How was the Legion alien in any way? All he did was the same shit ever raider/slaver group does, but throw a dumb roman theme over it. He is literally no different then Ashur was in The Pitt.
You're asking how an organized, militaristic, authoritarian faction of people attempting to take control of the entire Mojave Wasteland and rebuild it in the model of Ancient Rome due to the fanatical belief that it is the necessary means by which society may rebuild itself without suffering the folly of pre-war civilization is different from random raiders and slavers who knock off caravans for drugs?
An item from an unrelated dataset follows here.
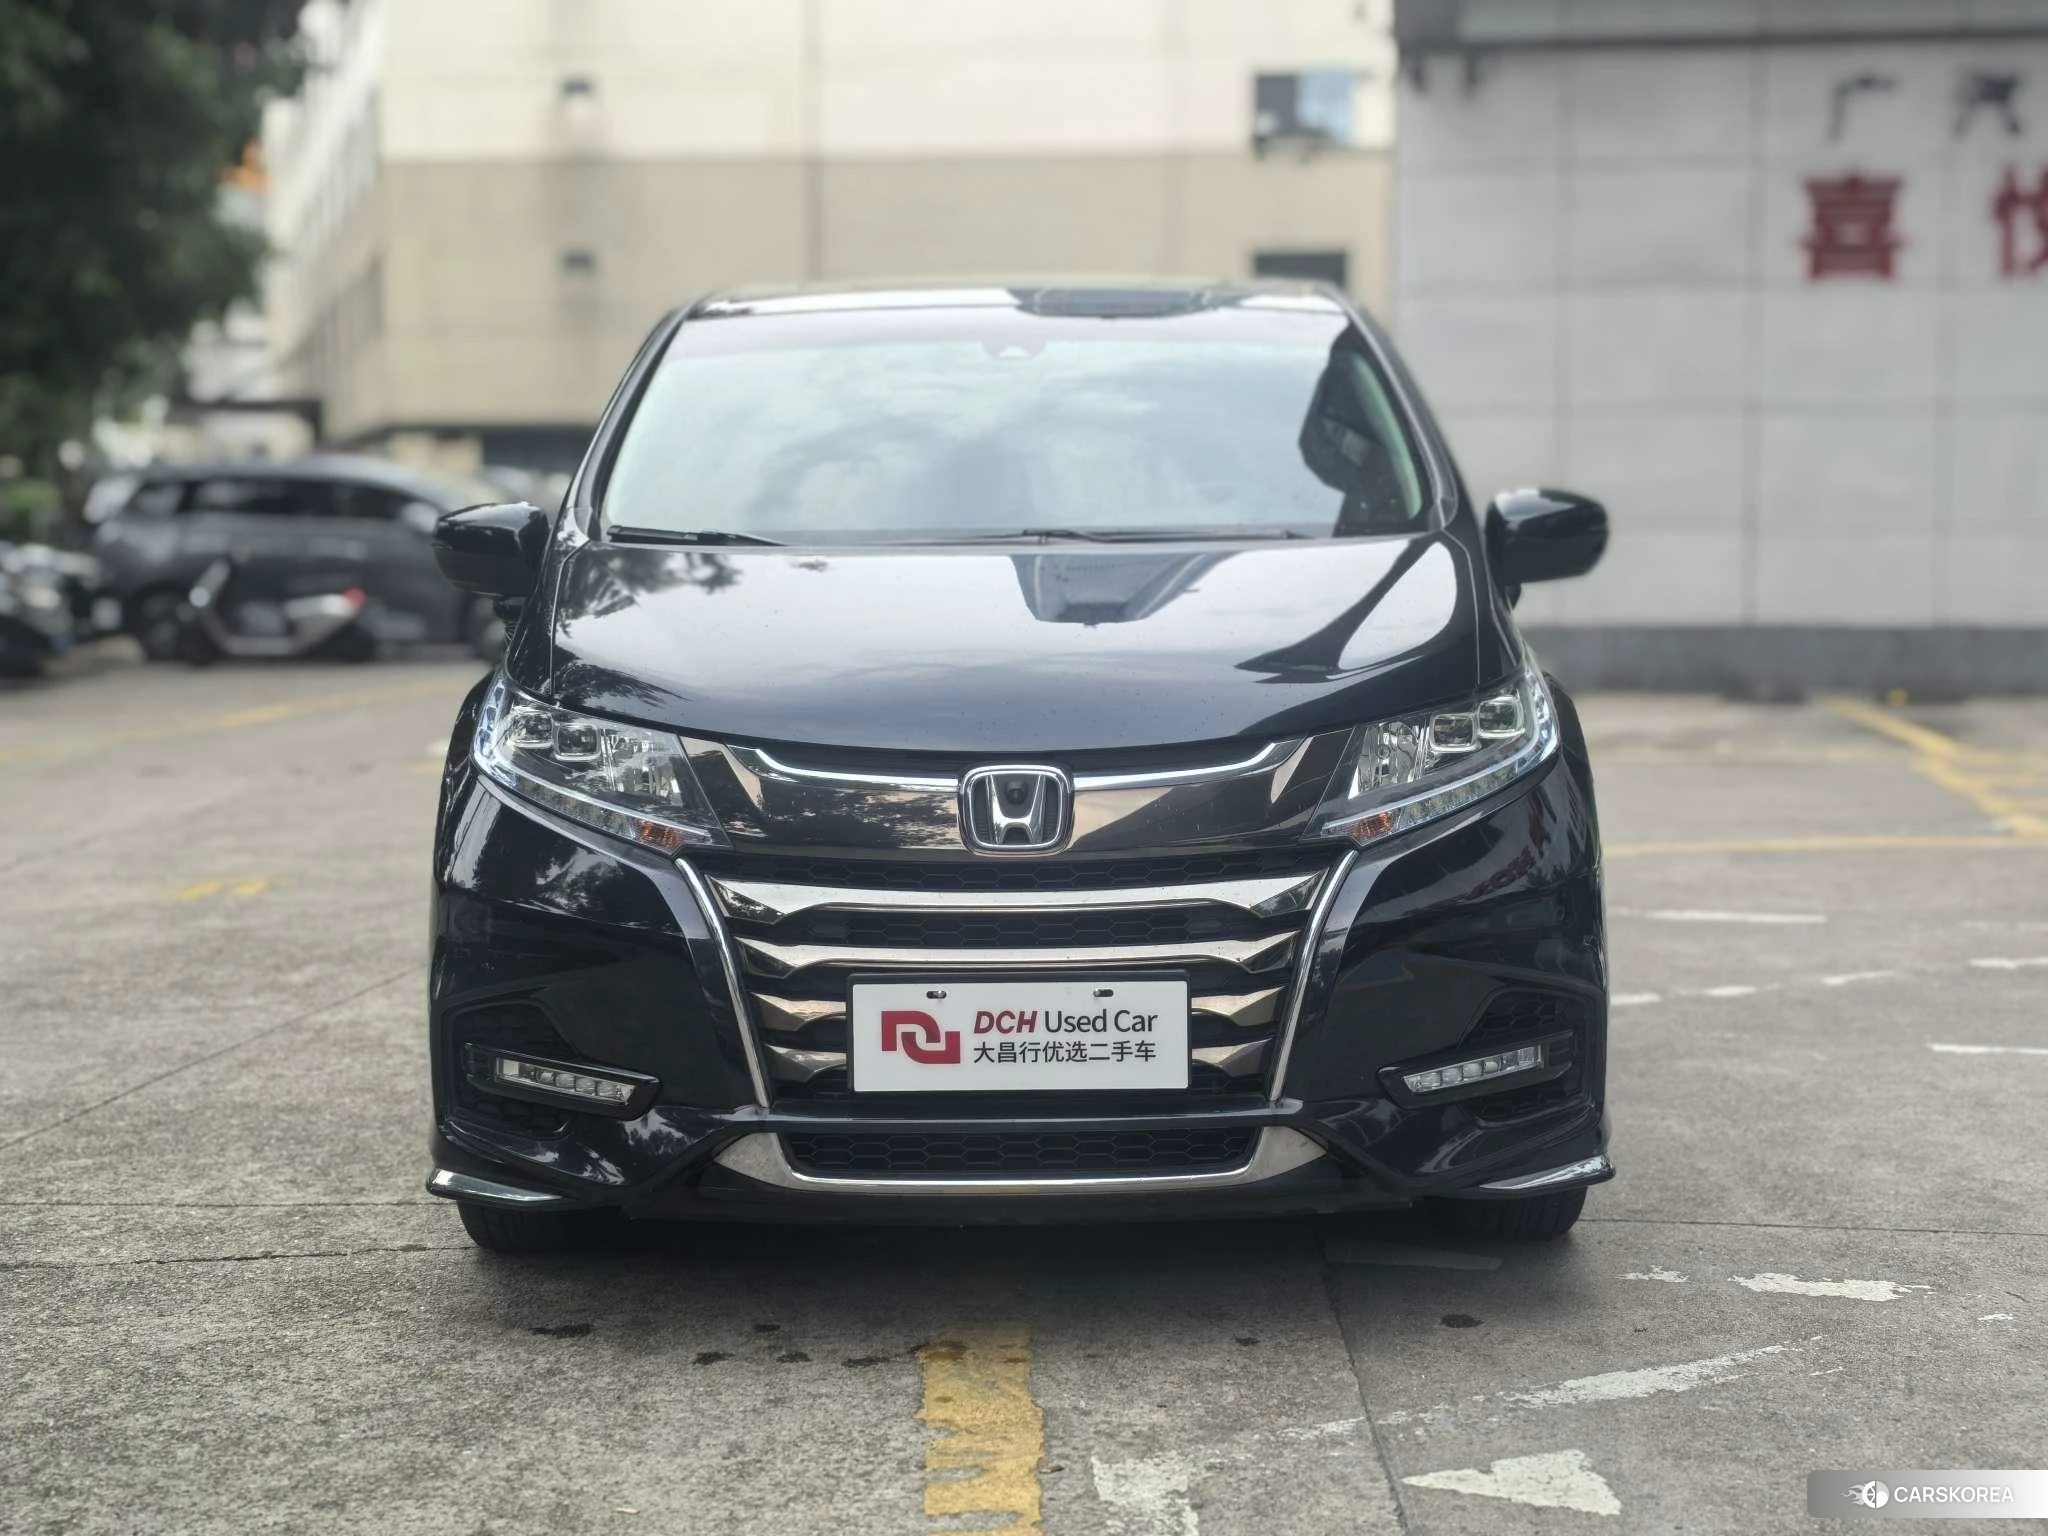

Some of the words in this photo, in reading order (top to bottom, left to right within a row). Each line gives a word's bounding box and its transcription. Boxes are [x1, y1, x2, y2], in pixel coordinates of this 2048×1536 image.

I don't know where I'd even begin explaining that.
 
I think the Legion was very well written, Caesar was exquisitely voice-acted and written, and overall it was just a damn good faction. It was the antithesis of the NCR as well as House. It was an alien, foreign entity that stood out from all the other factions of the wasteland. As a faction, it is hard to find a better written one.
How was the Legion alien in any way? All he did was the same shit ever raider/slaver group does, but throw a dumb roman theme over it. He is literally no different then Ashur was in The Pitt.
You're asking how an organized, militaristic, authoritarian faction of people attempting to take control of the entire Mojave Wasteland and rebuild it in the model of Ancient Rome due to the fanatical belief that it is the necessary means by which society may rebuild itself without suffering the folly of pre-war civilization is different from random raiders and slavers who knock off caravans for drugs?
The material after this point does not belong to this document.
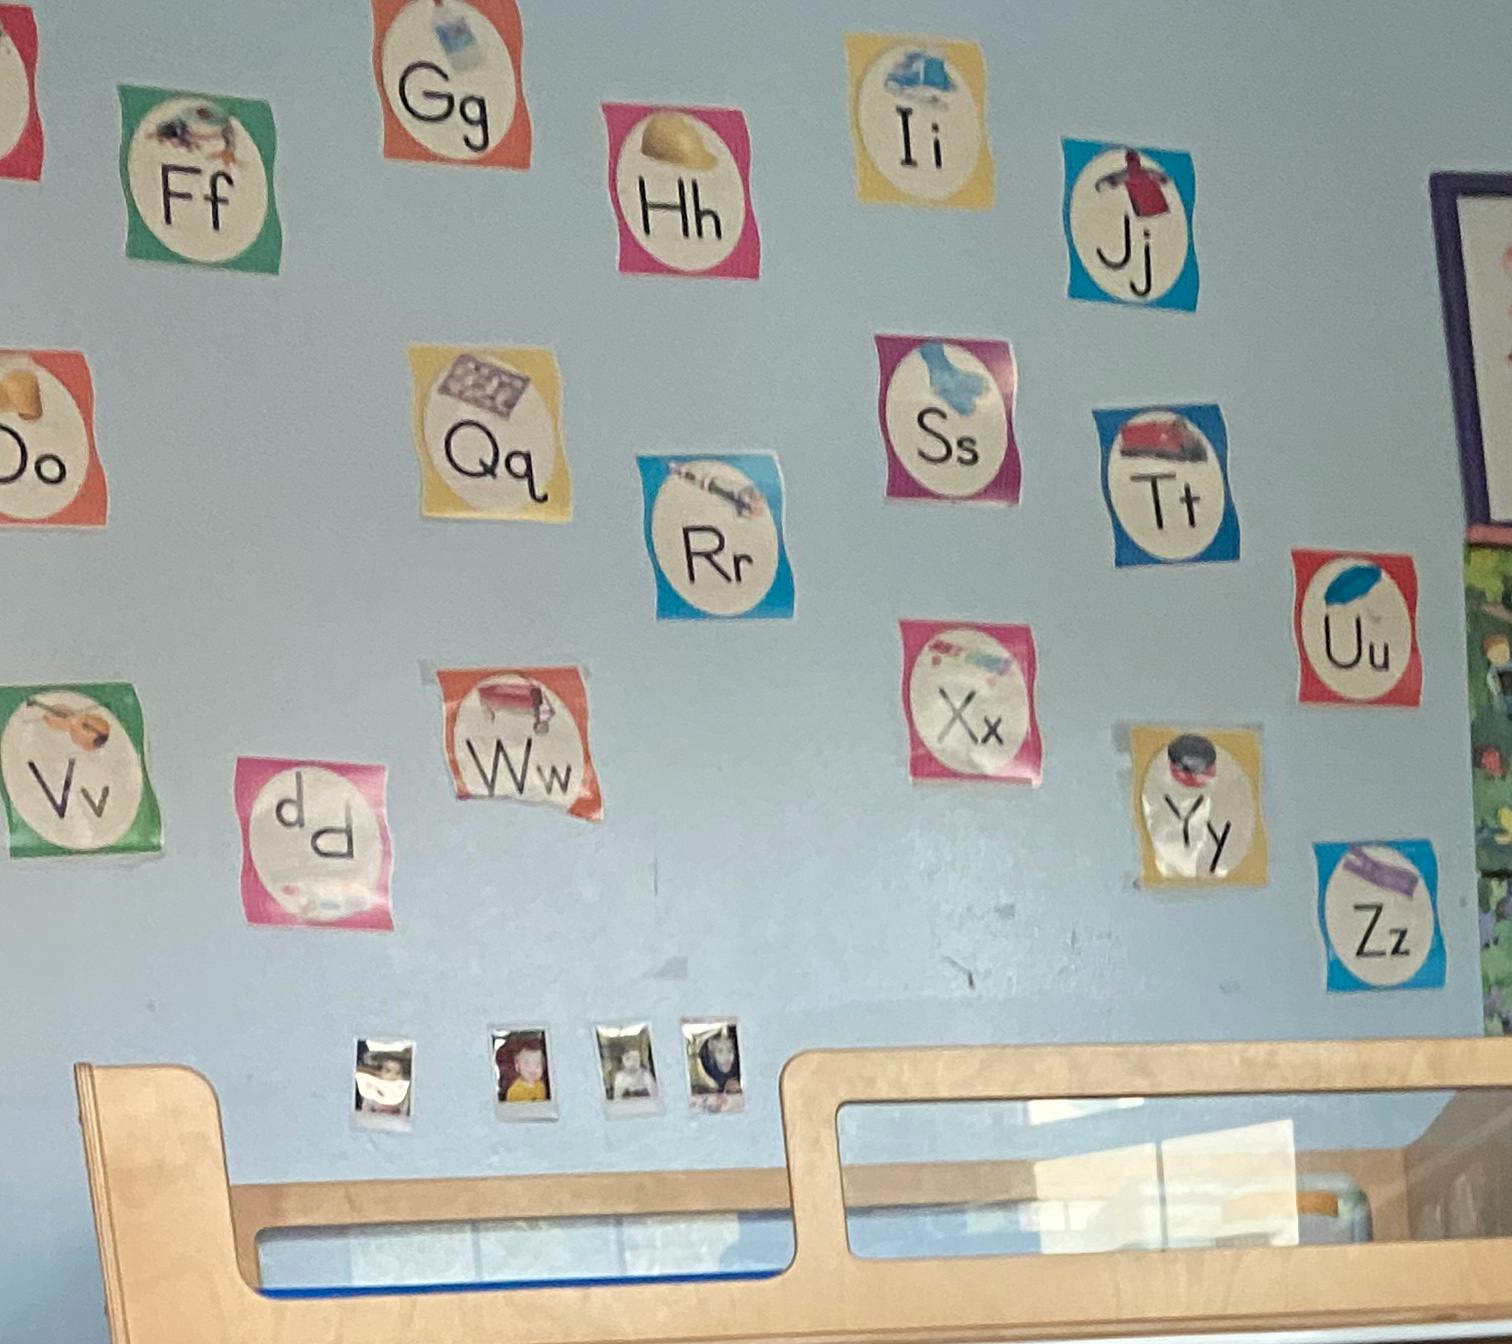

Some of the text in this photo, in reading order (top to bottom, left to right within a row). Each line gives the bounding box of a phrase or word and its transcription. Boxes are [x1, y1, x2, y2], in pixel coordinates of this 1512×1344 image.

I don't know where I'd even begin explaining that.

Wow, put Caesar's Legion in the same boat? These raiders are your average junkies looking to murder and ransack caravans for the sole purpose of "fun and drugz maaannn". They're not even that intelligent and probably snort the bone marrow from all the dead skeletons lying around Boston. Meanwhile the Legion are organized with their own rules and positions among other things I'm sure others have already explained well enough.(This wasn't directed at you Irwin I was just trying to add to what you guys were saying.)
 
You're asking how an organized, militaristic, authoritarian faction of people attempting to take control of the entire Mojave Wasteland and rebuild it in the model of Ancient Rome due to the fanatical belief that it is the necessary means by which society may rebuild itself without suffering the folly of pre-war civilization is different from random raiders and slavers who knock off caravans for drugs?
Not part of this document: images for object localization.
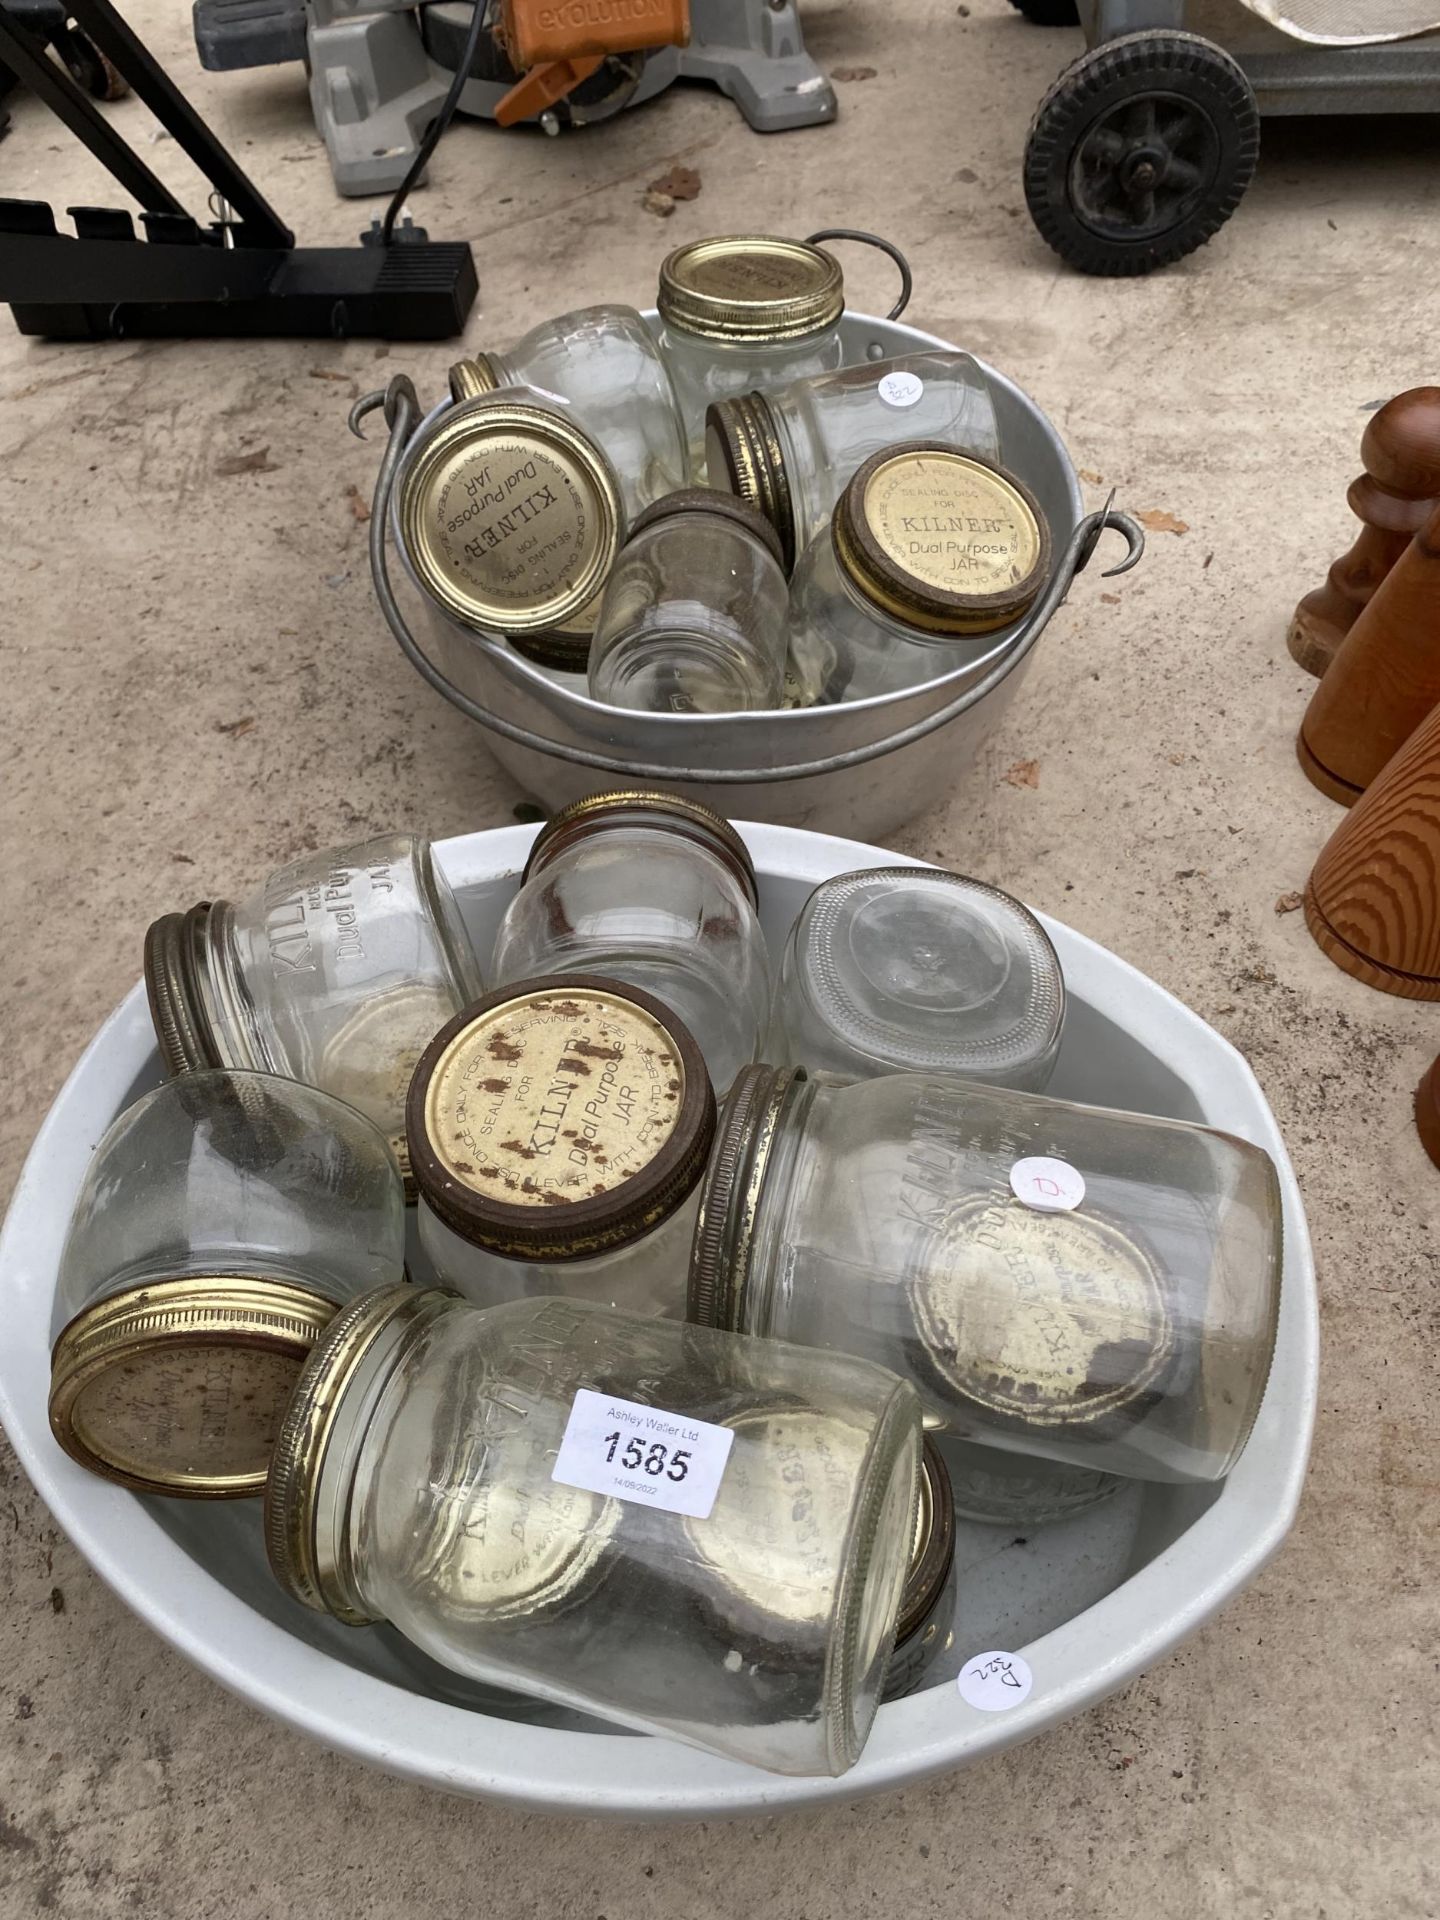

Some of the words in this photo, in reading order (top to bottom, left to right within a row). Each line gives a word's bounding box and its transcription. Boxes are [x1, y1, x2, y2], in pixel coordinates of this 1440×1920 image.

[494, 446, 528, 456] WITH
[532, 452, 567, 480] LEVER
[463, 466, 491, 497] JAR
[503, 461, 537, 498] Dual
[902, 488, 949, 499] SEALING
[954, 489, 979, 499] DISC
[437, 485, 451, 523] BREAK
[448, 486, 505, 533] Purpose
[934, 499, 955, 509] FOR
[463, 485, 558, 561] KILNER
[901, 516, 1001, 533] KILNER
[519, 535, 538, 555] FOR
[528, 530, 572, 567] SEALING
[910, 541, 942, 554] Dual
[946, 541, 1008, 558] Purpose
[501, 564, 526, 585] DISC
[949, 557, 979, 571] JAR
[367, 856, 393, 893] JAR
[325, 903, 367, 960] Dual
[486, 1015, 578, 1050] ESERVING
[595, 1018, 628, 1038] SEAL
[465, 1055, 486, 1082] FOR
[507, 1039, 527, 1068] DSC
[630, 1039, 659, 1079] BREAK
[515, 1075, 534, 1102] FOR
[528, 1036, 585, 1156] KILNR
[650, 1084, 662, 1103] TO
[455, 1086, 468, 1124] ONLY
[612, 1085, 640, 1126] JAR
[636, 1109, 660, 1142] COIN
[460, 1128, 490, 1164] ONCE
[568, 1117, 599, 1167] Dual
[596, 1145, 637, 1176] WITH
[534, 1172, 589, 1188] LEVER
[607, 1407, 643, 1427] Ashley
[646, 1418, 680, 1436] Waller
[681, 1428, 700, 1441] Ltd
[604, 1431, 692, 1482] 1585
I don't know where I'd even begin explaining that.
Except the actual culture wasn't going to be based off of Ancient Rome. Sawyer said himself the Legion ONLY uses the Roman trapping in their military ranks, and have none of the underlying civilian culture behind it. Caesar doesn't give a flying shit about trying to mimic Rome outside of the propagandist parts where he is made out to be a god like figure.

http://fallout.gamepedia.com/Caesar's_Legion
"Edward Sallow created Caesar's Legion as an imitation of the Roman Legion, but without any of the Roman society that supported the Roman Legion. I've written this before, but there are no optimates, no populares, no plebes, no equestrians, no patricians, no senate, no Rome. There's no right to private property (within the Legion itself). There's no civil law. There aren't even the ceremonial trappings of Roman society. Legates don't receive triumphs following a victory. No one in the Legion retires to a villa in Sedona.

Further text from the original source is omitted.